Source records

====================

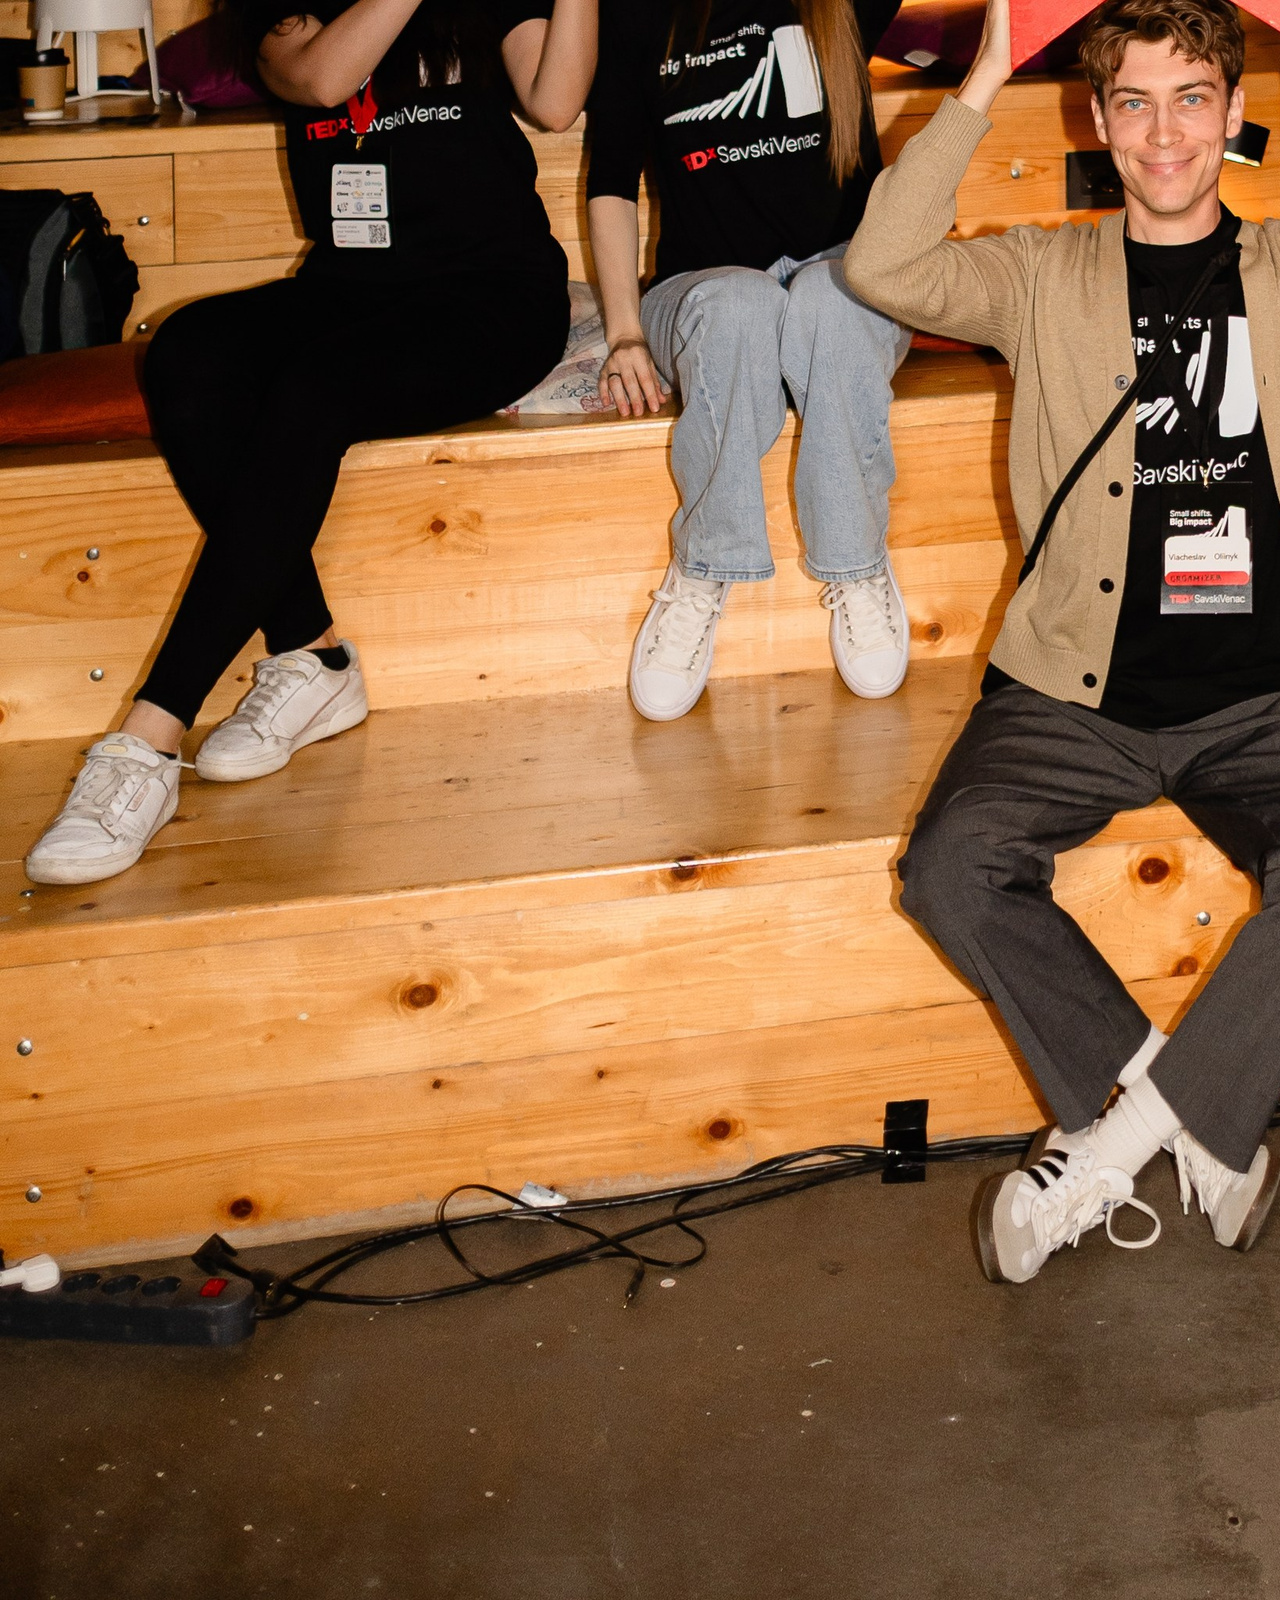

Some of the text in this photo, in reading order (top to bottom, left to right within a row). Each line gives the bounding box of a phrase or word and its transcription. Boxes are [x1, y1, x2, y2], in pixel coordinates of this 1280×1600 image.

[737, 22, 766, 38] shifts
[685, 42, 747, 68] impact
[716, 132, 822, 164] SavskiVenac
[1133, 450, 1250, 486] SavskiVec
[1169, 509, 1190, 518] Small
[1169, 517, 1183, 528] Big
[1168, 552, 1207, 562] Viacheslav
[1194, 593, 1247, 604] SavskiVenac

====================

(Work task)
Each line of the data must be transcribed exactly; pictures are not carried over.

(Solution for this exercise)
Some of the text in this photo, in reading order (top to bottom, left to right within a row). Each line gives the bounding box of a phrase or word and its transcription. Boxes are [x1, y1, x2, y2], in pixel coordinates of this 1280×1600 image.

[737, 22, 766, 38] shifts
[685, 42, 747, 68] impact
[716, 132, 822, 164] SavskiVenac
[1133, 450, 1250, 486] SavskiVec
[1169, 509, 1190, 518] Small
[1169, 517, 1183, 528] Big
[1168, 552, 1207, 562] Viacheslav
[1194, 593, 1247, 604] SavskiVenac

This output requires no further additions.